One reason reamers (particularly HSS) historically have centers is the convenience of resharpening them on manual grinding equipment. Reamers are clamped between centers and a mechanical finger is positioned under the 45° cutting chamfer. A cup wheel regrinds the chamfer. For each chamfer, the finger is re-positioned, ensuring consistent lip height regardless of the flute spacing.
However, the reality is centers are never used in the reaming operation since the reamers are typically chucked on the shank, just like a drill or endmill.
There are more modern methods for producing carbide reamers without needing centers. The latest advances in CNC peel and pinch grinding can produce carbide reamer blanks to high accuracy and finish requirements at reduced manufacturing costs.
Peel and pinch grinding (a.k.a. single point grinding) is a cylindrical grinding process where a roughing and a finishing wheel interact simultaneously on the blank from the back and from the front. The roughing wheel, positioned slightly ahead radially and axially, removes most of the material, while the finishing wheel provides the final finish and tight diameter tolerances. Since the blank is pushed through a V-block system, constant support is maintained, resulting in very low TIR measurements.

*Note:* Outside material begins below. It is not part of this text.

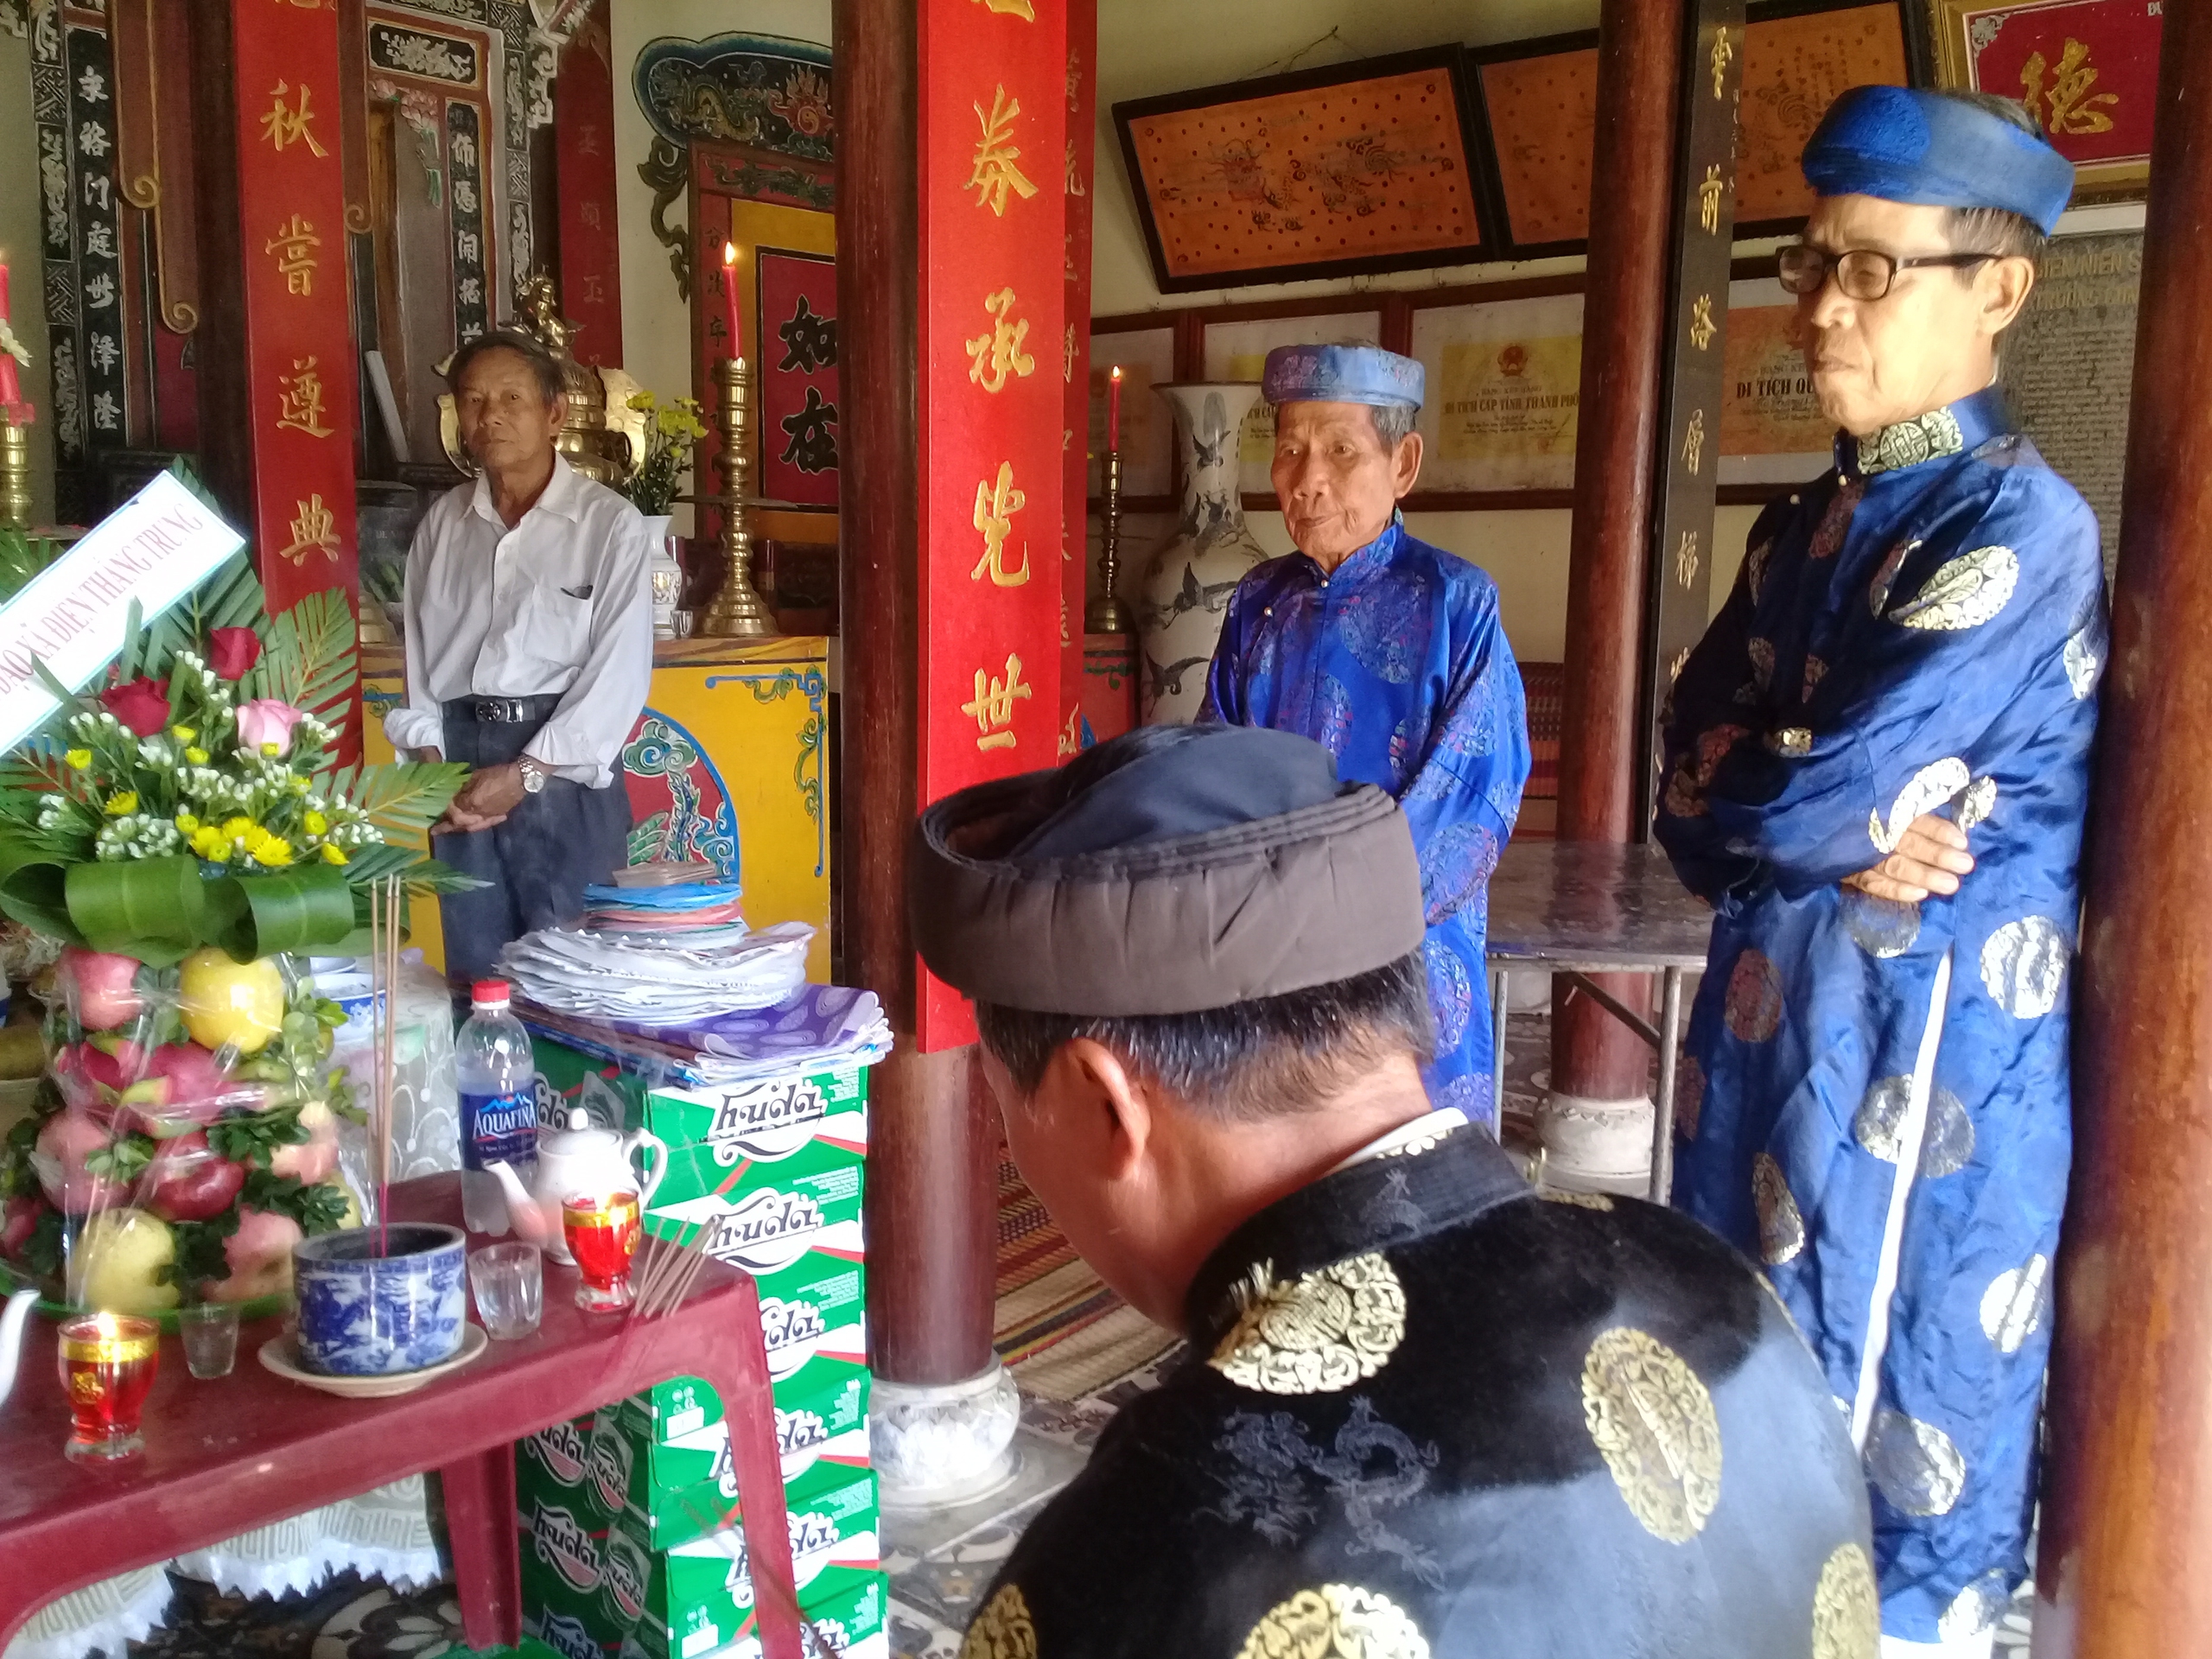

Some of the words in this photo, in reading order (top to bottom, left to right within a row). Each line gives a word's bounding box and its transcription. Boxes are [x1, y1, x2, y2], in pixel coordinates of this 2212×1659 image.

[473, 1103, 537, 1140] AQUAFINA
[715, 1081, 824, 1133] huda
[713, 1195, 820, 1250] huda

This process is suitable for chucking reamers, reverse-shank reamers, and stepped reamers, although some designs may require multiple setups.
Grinding the flutes and cutting chamfer is then performed on an automated CNC tool grinding machine. Typically, flute spacings are uneven (staggered) which reduces vibrations and chatter.
For long-flute reamers, a half-round steady rest can be used. This might seem expensive, as there are endless reamer diameters including custom sizes; however, the cost of manufacturing these supports is still less than the labor-intensive process of installing centers into each reamer blank manually.
Peel grinding and tool grinding can be automated. Additionally, hybrid grinding models combine peel and tool grinding capabilities in a single machine.
Persuading users to move away from requiring centers will ultimately reduce the cost of producing reamers, particularly carbide reamers.